Transcribe every entry below word for word, but skip the pictures.

== Segment start ==

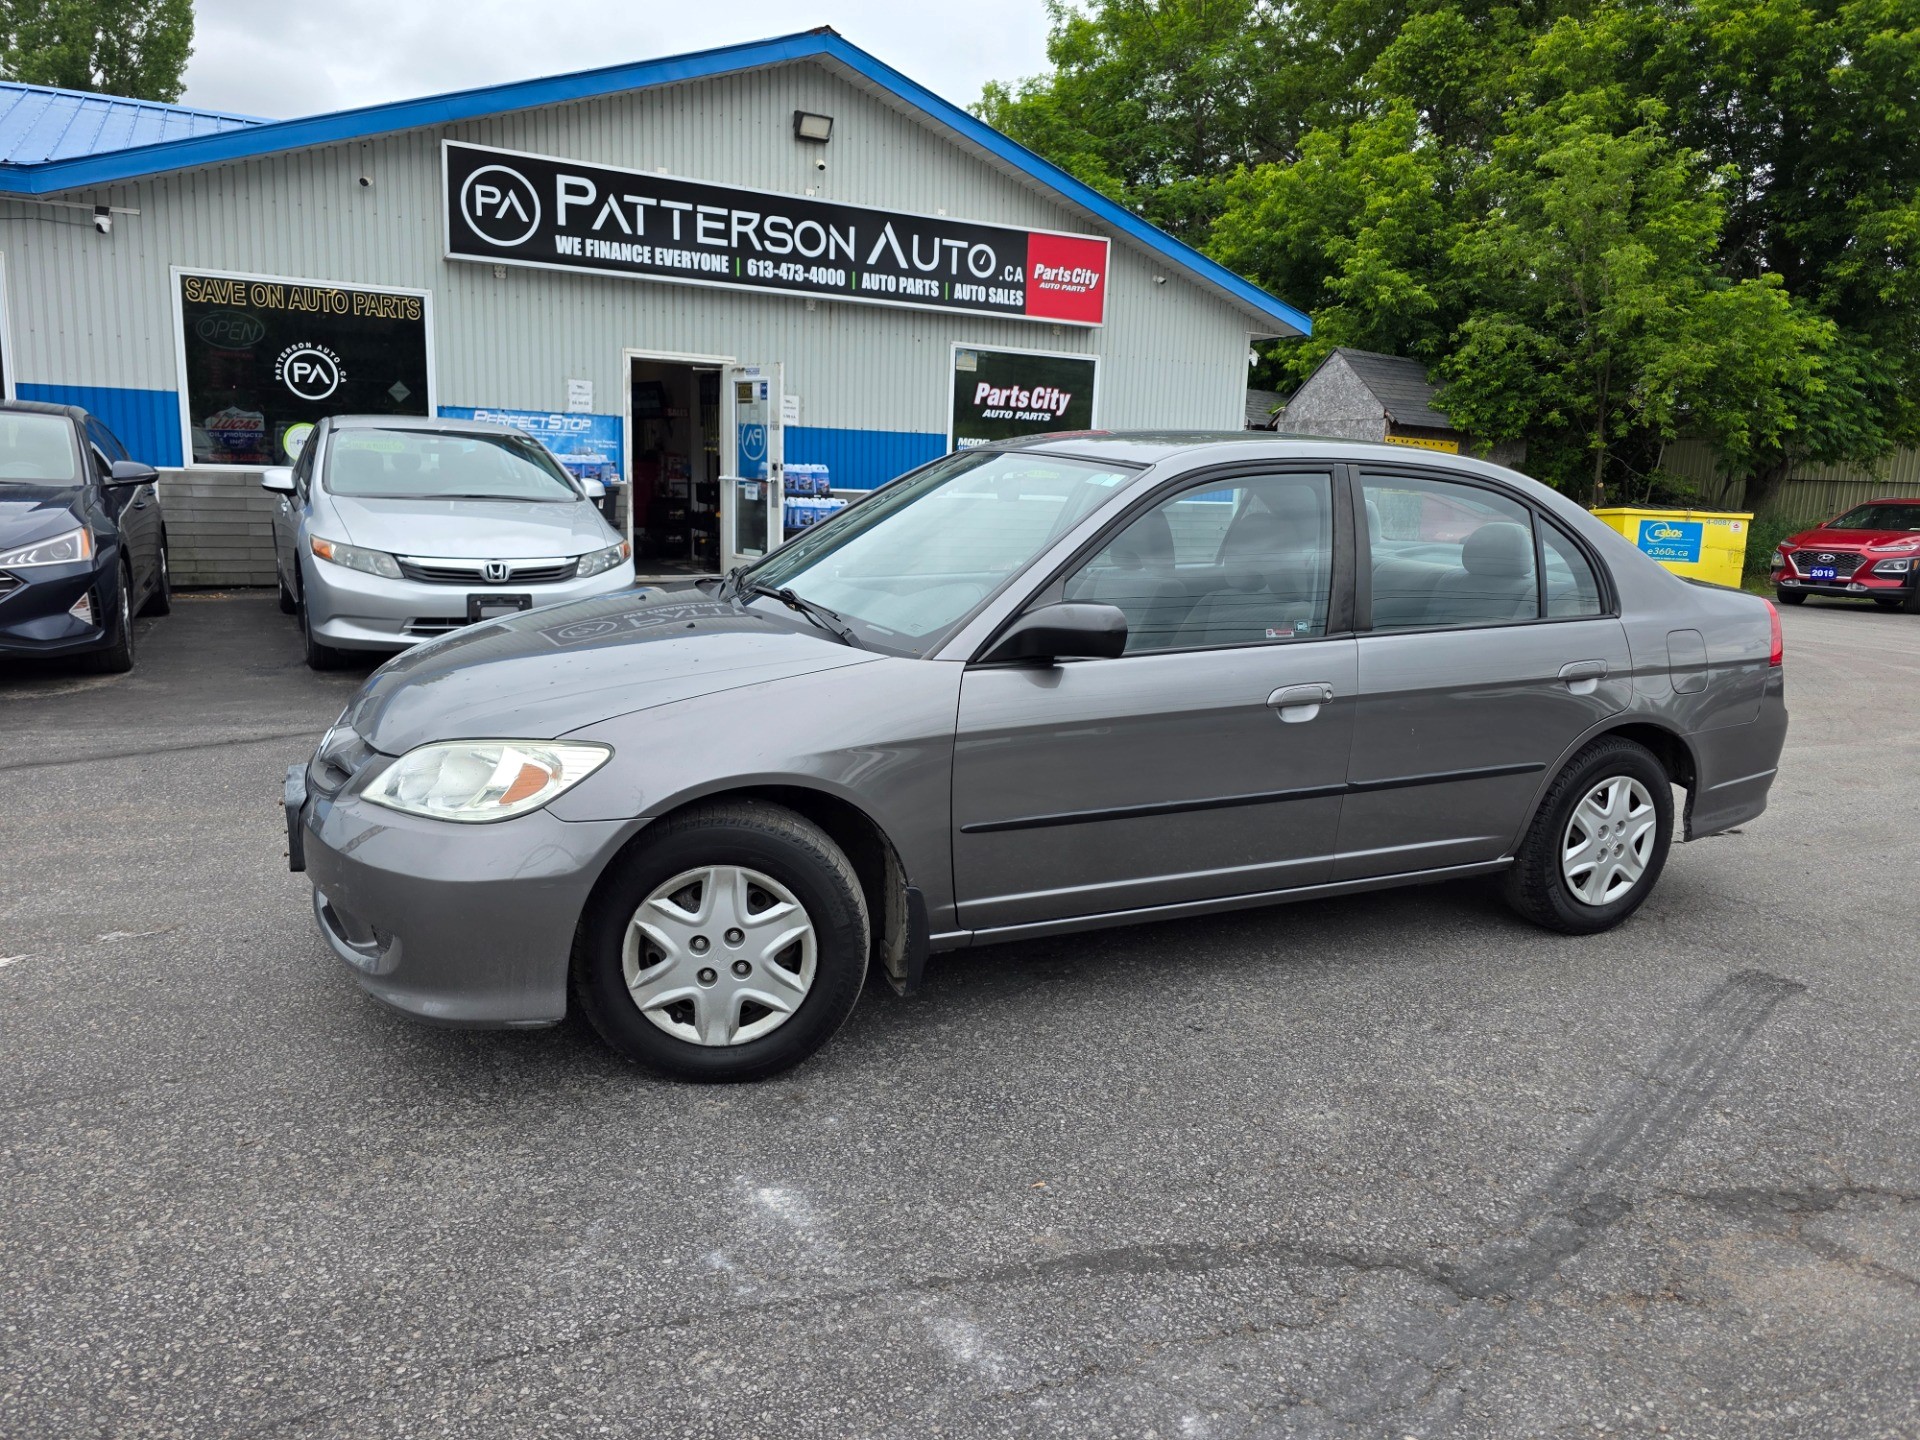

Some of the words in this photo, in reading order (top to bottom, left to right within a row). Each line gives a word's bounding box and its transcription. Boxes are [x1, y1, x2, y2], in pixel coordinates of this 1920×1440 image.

[475, 184, 530, 223] PA
[556, 173, 856, 262] PATTERSON
[555, 234, 582, 255] WE
[585, 239, 651, 264] FINANCE
[655, 247, 730, 273] EVERYONE
[747, 258, 846, 286] 613-473-4000
[862, 272, 896, 292] AUTO
[899, 278, 939, 297] PARTS
[953, 283, 985, 302] AUTO
[988, 287, 1024, 306] SALES
[1039, 282, 1060, 290] AUTO
[1061, 284, 1086, 293] PARTS
[185, 278, 247, 306] SAVE
[251, 283, 285, 309] ON
[288, 287, 349, 314] AUTO
[353, 293, 421, 320] PARTS
[199, 319, 260, 341] OPEN
[275, 342, 312, 380] PATTERSON
[293, 362, 331, 384] PA
[211, 419, 261, 430] LUCAS
[982, 409, 1013, 419] AUTO
[1015, 411, 1051, 421] PARTS
[1387, 438, 1456, 447] QUALITY
[1647, 546, 1689, 557] e360s.ca
[1811, 569, 1834, 577] 2019
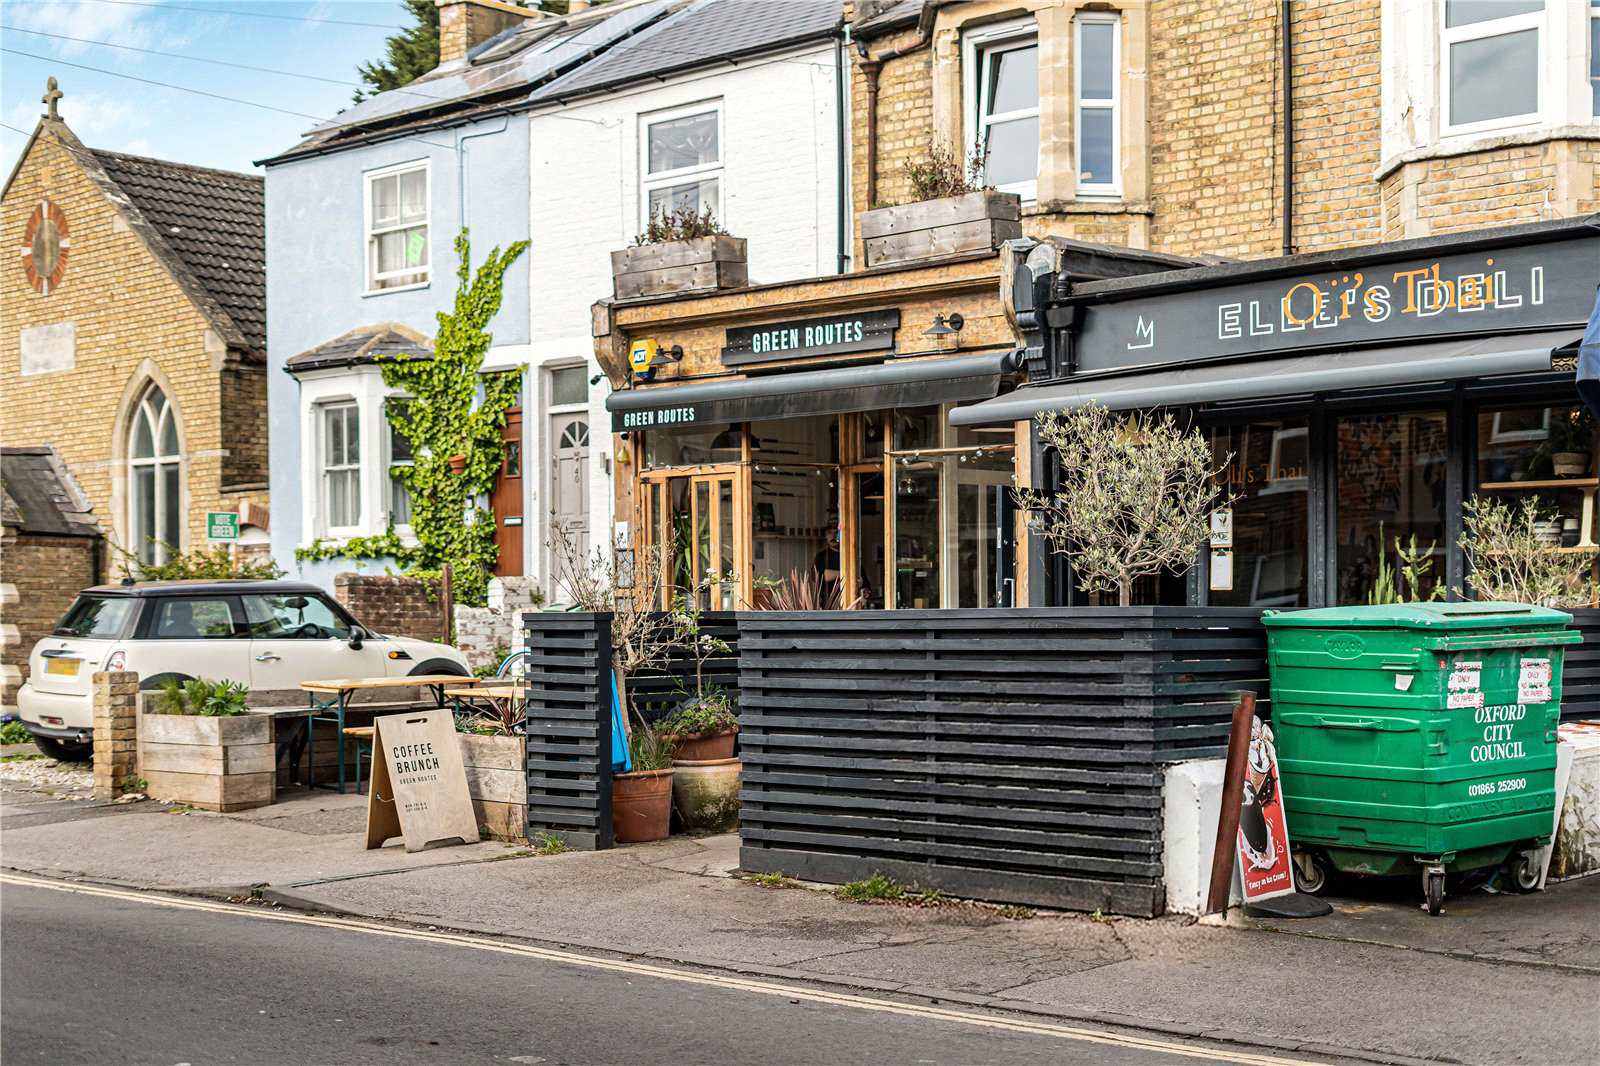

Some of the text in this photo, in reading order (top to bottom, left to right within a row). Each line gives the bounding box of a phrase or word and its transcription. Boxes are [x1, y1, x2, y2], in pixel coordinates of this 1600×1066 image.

[1392, 258, 1496, 314] Thai
[1417, 266, 1544, 317] DELI
[752, 320, 863, 353] GREEN ROUTES
[634, 350, 646, 362] ADT
[624, 407, 695, 427] GREEN ROUTES
[1261, 463, 1304, 482] Thai
[1475, 704, 1526, 723] OXFORD
[1484, 724, 1514, 742] CITY
[393, 743, 433, 759] COFFEE
[1471, 742, 1526, 762] COUNCIL
[396, 757, 440, 773] BRUNCH
[1497, 778, 1526, 792] 252900
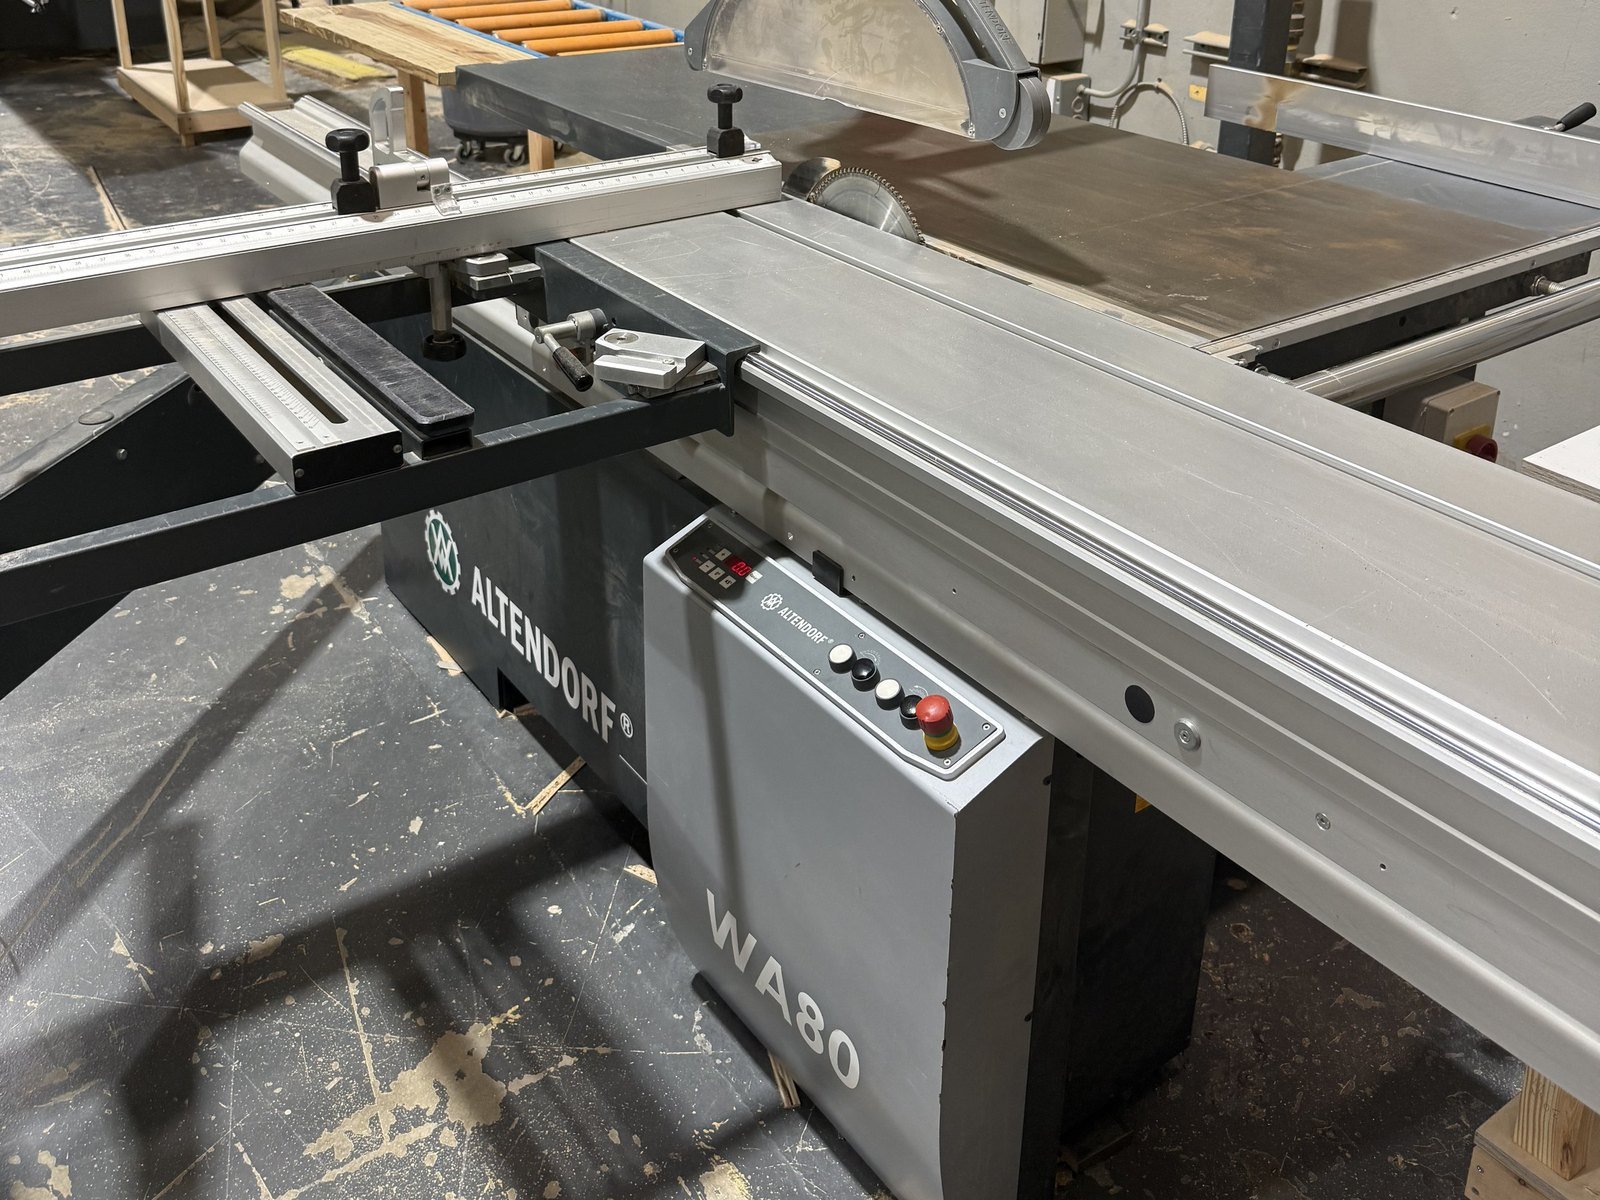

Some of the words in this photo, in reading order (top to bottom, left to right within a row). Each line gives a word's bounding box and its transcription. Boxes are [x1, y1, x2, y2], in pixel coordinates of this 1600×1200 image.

== Segment end ==

### Result below
Some of the words in this photo, in reading order (top to bottom, left to right within a row). Each line gives a word's bounding box and its transcription. Boxes are [x1, y1, x2, y2], in pixel coordinates of this 1920×1440 image.

[475, 184, 530, 223] PA
[556, 173, 856, 262] PATTERSON
[555, 234, 582, 255] WE
[585, 239, 651, 264] FINANCE
[655, 247, 730, 273] EVERYONE
[747, 258, 846, 286] 613-473-4000
[862, 272, 896, 292] AUTO
[899, 278, 939, 297] PARTS
[953, 283, 985, 302] AUTO
[988, 287, 1024, 306] SALES
[1039, 282, 1060, 290] AUTO
[1061, 284, 1086, 293] PARTS
[185, 278, 247, 306] SAVE
[251, 283, 285, 309] ON
[288, 287, 349, 314] AUTO
[353, 293, 421, 320] PARTS
[199, 319, 260, 341] OPEN
[275, 342, 312, 380] PATTERSON
[293, 362, 331, 384] PA
[211, 419, 261, 430] LUCAS
[982, 409, 1013, 419] AUTO
[1015, 411, 1051, 421] PARTS
[1387, 438, 1456, 447] QUALITY
[1647, 546, 1689, 557] e360s.ca
[1811, 569, 1834, 577] 2019

Some of the text in this photo, in reading order (top to bottom, left to right within a row). Each line gives the bounding box of a phrase or word and its transcription. Boxes are [x1, y1, x2, y2], in pixel coordinates of this 1600×1066 image.

[1392, 258, 1496, 314] Thai
[1417, 266, 1544, 317] DELI
[752, 320, 863, 353] GREEN ROUTES
[634, 350, 646, 362] ADT
[624, 407, 695, 427] GREEN ROUTES
[1261, 463, 1304, 482] Thai
[1475, 704, 1526, 723] OXFORD
[1484, 724, 1514, 742] CITY
[393, 743, 433, 759] COFFEE
[1471, 742, 1526, 762] COUNCIL
[396, 757, 440, 773] BRUNCH
[1497, 778, 1526, 792] 252900

Some of the words in this photo, in reading order (top to bottom, left to right within a row). Each line gives a word's bounding box and its transcription. Boxes are [x1, y1, x2, y2], in pixel coordinates of this 1600×1200 image.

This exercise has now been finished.